_Exercise description_
The expected output is every line of the data exactly as shown, minus the images.
(Data in this exercise begins)
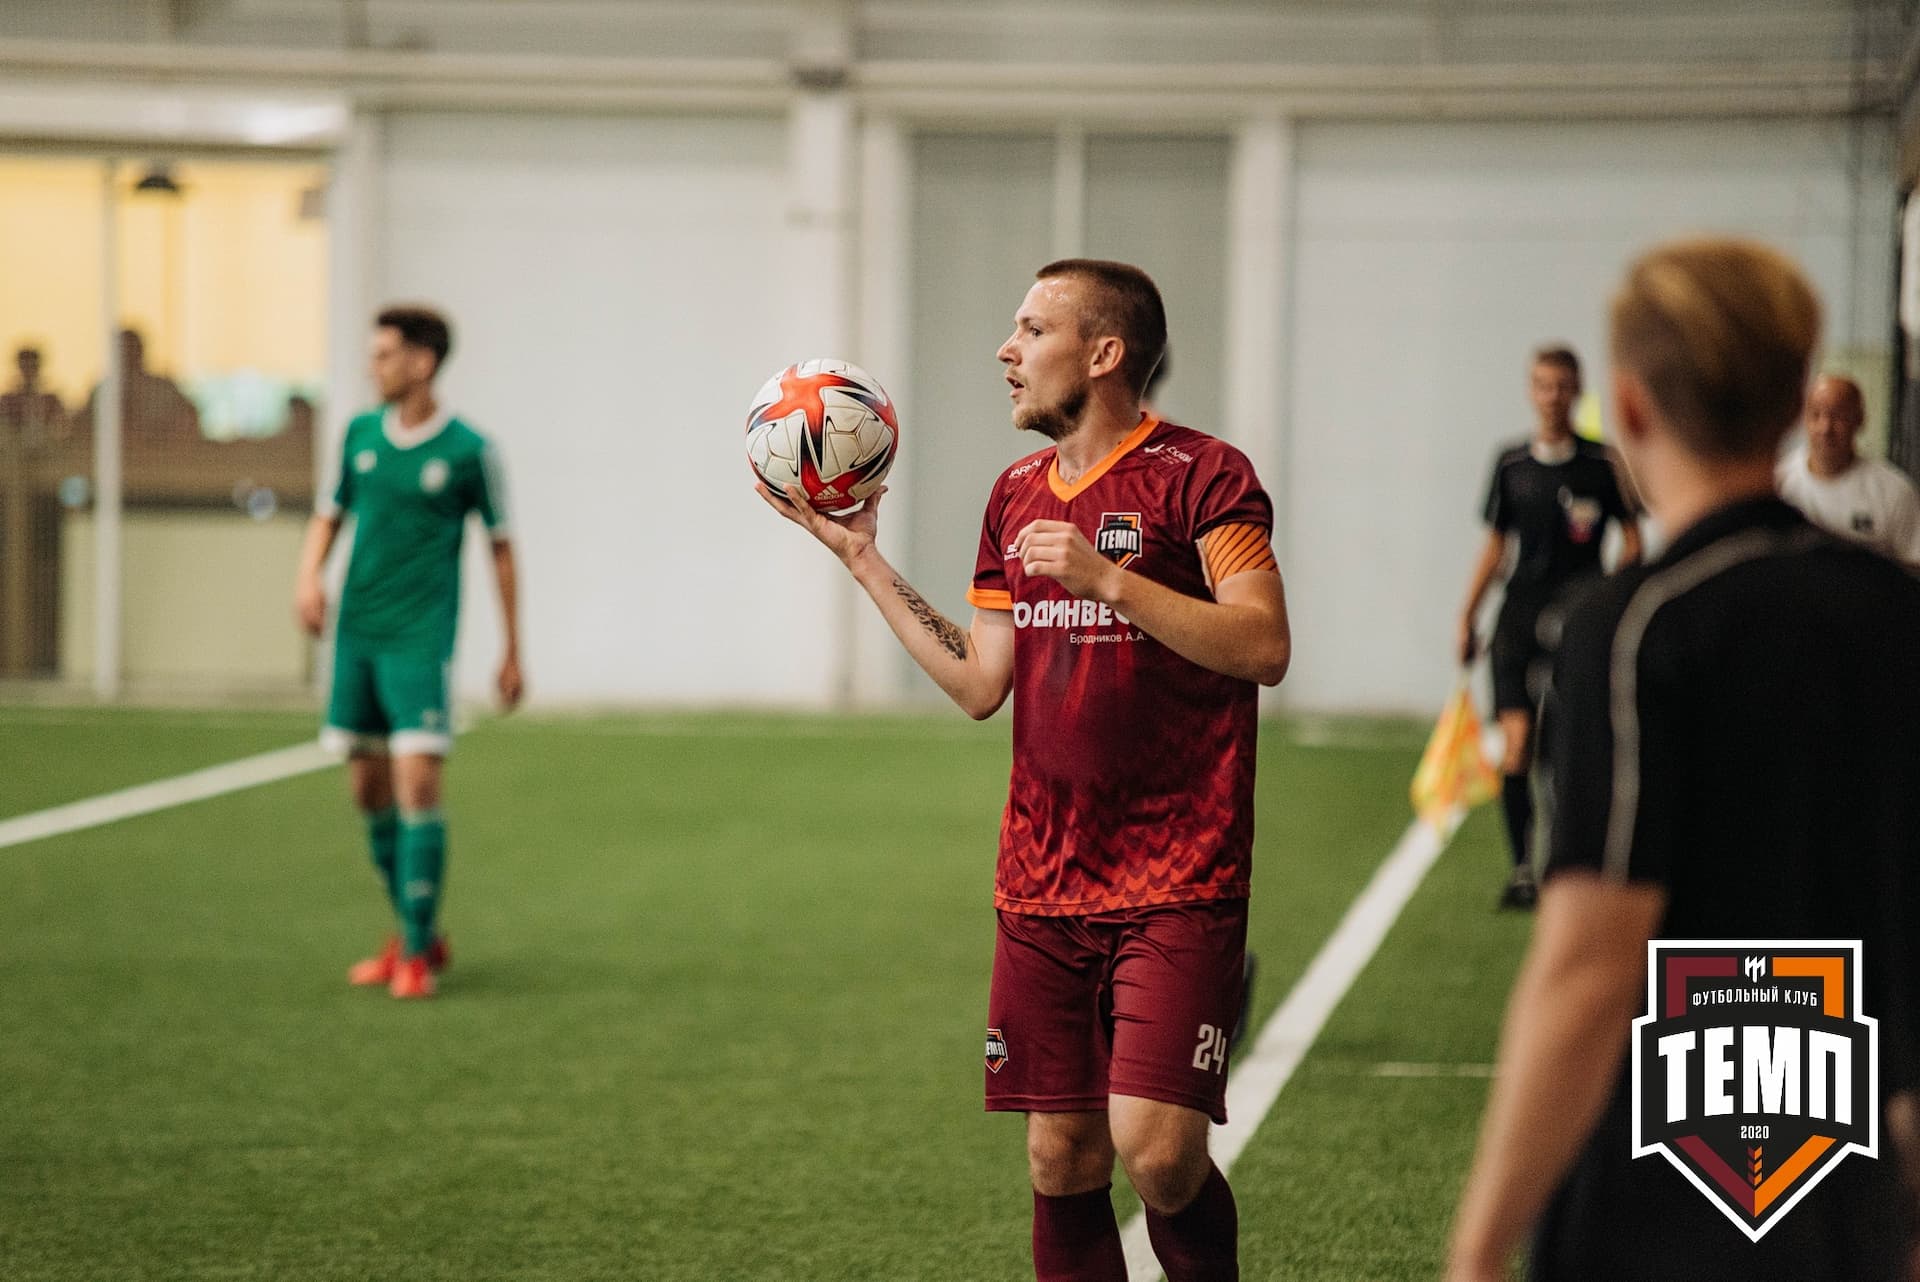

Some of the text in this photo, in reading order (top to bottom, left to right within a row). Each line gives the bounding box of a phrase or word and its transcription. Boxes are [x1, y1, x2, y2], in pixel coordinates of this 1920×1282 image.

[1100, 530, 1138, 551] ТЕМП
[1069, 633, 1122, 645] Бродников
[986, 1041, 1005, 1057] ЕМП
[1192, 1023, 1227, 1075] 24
(Data in this exercise ends)
_Result of this exercise_
Some of the text in this photo, in reading order (top to bottom, left to right within a row). Each line gives the bounding box of a phrase or word and its transcription. Boxes are [x1, y1, x2, y2], in pixel coordinates of this 1920×1282 image.

[1100, 530, 1138, 551] ТЕМП
[1069, 633, 1122, 645] Бродников
[986, 1041, 1005, 1057] ЕМП
[1192, 1023, 1227, 1075] 24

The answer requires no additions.